L'entreprise prévoit de contrôler l'ensemble de ses réacteurs d'ici à 2025 par ultrasons pour rechercher d'éventuelles traces de ce problème qui a conduit à l'arrêt de 12 réacteurs sur 56.

Le groupe doit contrôler en priorité les zones les plus sensibles des réacteurs de 1.450 MW et certains de 1.300 MW.

L'Autorité de sûreté nucléaire (ASN) "considère que la stratégie d'EDF est appropriée compte tenu des connaissances acquises sur le phénomène et des enjeux de sûreté associés", indique-t-elle dans un communiqué, sans réclamer de calendrier de contrôle plus resserré dans l'ensemble.

"Toutefois, s'agissant du réacteur 2 de la centrale nucléaire de Belleville, l'ASN considère que le contrôle de ce réacteur prévu en 2024 est trop tardif", précise-t-elle.

L'ASN estime que les connaissances sur le phénomène sont "encore évolutives" et que "le programme de contrôle devra être adapté si les contrôles ou analyses mettent en évidence des éléments nouveaux".

Ces problèmes de corrosion ont été détectés ou soupçonnés au niveau de soudures des coudes des tuyauteries d'injection de sécurité (RIS) - qui permettent de refroidir le réacteur en cas d'accident - reliées au circuit primaire.
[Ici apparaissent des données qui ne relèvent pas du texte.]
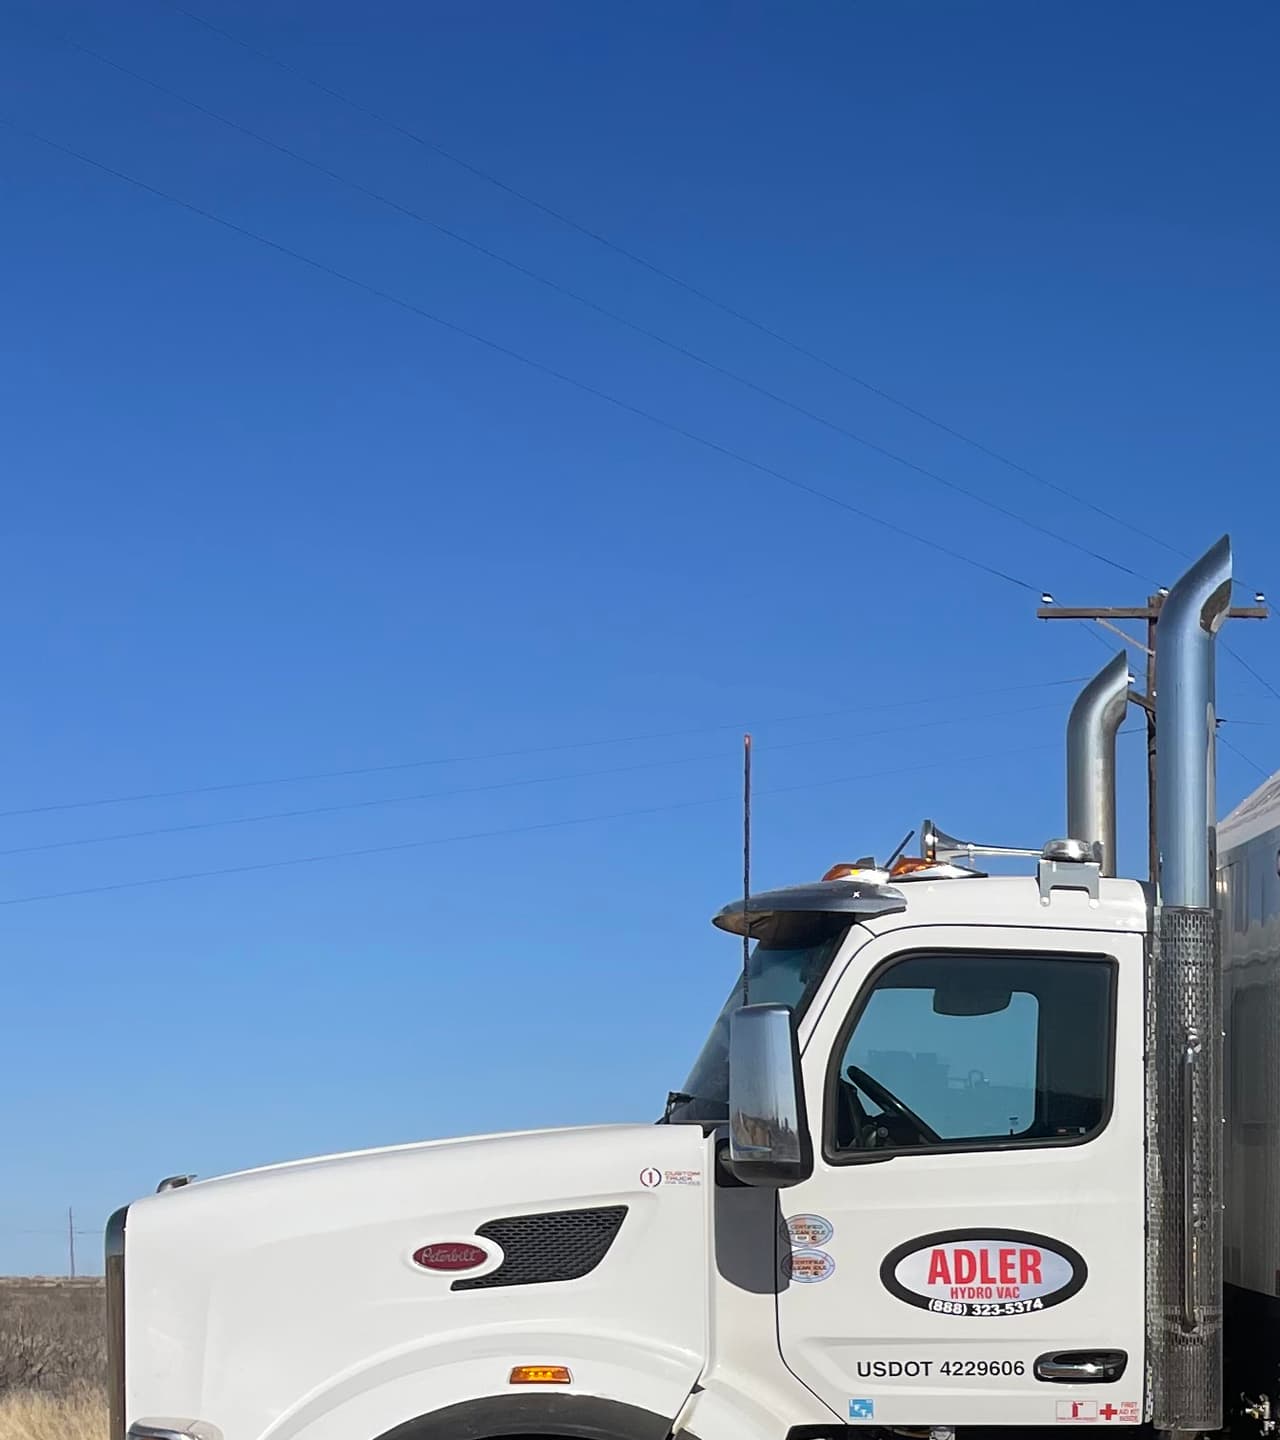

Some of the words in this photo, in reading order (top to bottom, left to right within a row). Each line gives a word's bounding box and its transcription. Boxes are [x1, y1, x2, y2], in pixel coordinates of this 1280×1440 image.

[421, 1247, 481, 1264] Peterbilt
[927, 1248, 1043, 1285] ADLER
[950, 1286, 993, 1300] HYDRO
[996, 1286, 1021, 1299] VAC
[928, 1298, 968, 1316] (888)
[971, 1298, 1044, 1316] 323-5374
[857, 1361, 933, 1377] USDOT
[939, 1360, 1025, 1377] 4229606
Cette corrosion dite "sous contrainte" se traduit par des petites fissures.

Le circuit de refroidissement du réacteur à l'arrêt (RRA) de certains réacteurs fera aussi l'objet de contrôle.
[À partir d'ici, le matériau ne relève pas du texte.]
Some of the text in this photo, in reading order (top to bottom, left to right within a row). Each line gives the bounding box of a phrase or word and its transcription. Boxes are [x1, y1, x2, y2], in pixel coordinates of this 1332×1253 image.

Ce problème de corrosion plombe les perspectives de production d'électricité nucléaire et de résultats financiers cette année pour EDF, dont le gouvernement a prévu la renationalisation à 100%.

Il a aussi suscité des inquiétudes pour l'approvisionnement électrique de la France l'hiver prochain. Une trentaine de réacteurs sur 56 sont actuellement à l'arrêt, dont 12 pour la corrosion et 18 pour des maintenances programmées.

De ce point de vue, la décision de l'ASN mercredi n'aggrave pas la situation, car le gendarme du nucléaire ne réclame pas des contrôles plus rapides, synonymes d'arrêts de réacteur, mais valide pour l'essentiel le calendrier d'EDF. Le producteur d'électricité avait considéré en mai qu'il n'était "pas nécessaire d'anticiper de nouveaux arrêts de réacteurs".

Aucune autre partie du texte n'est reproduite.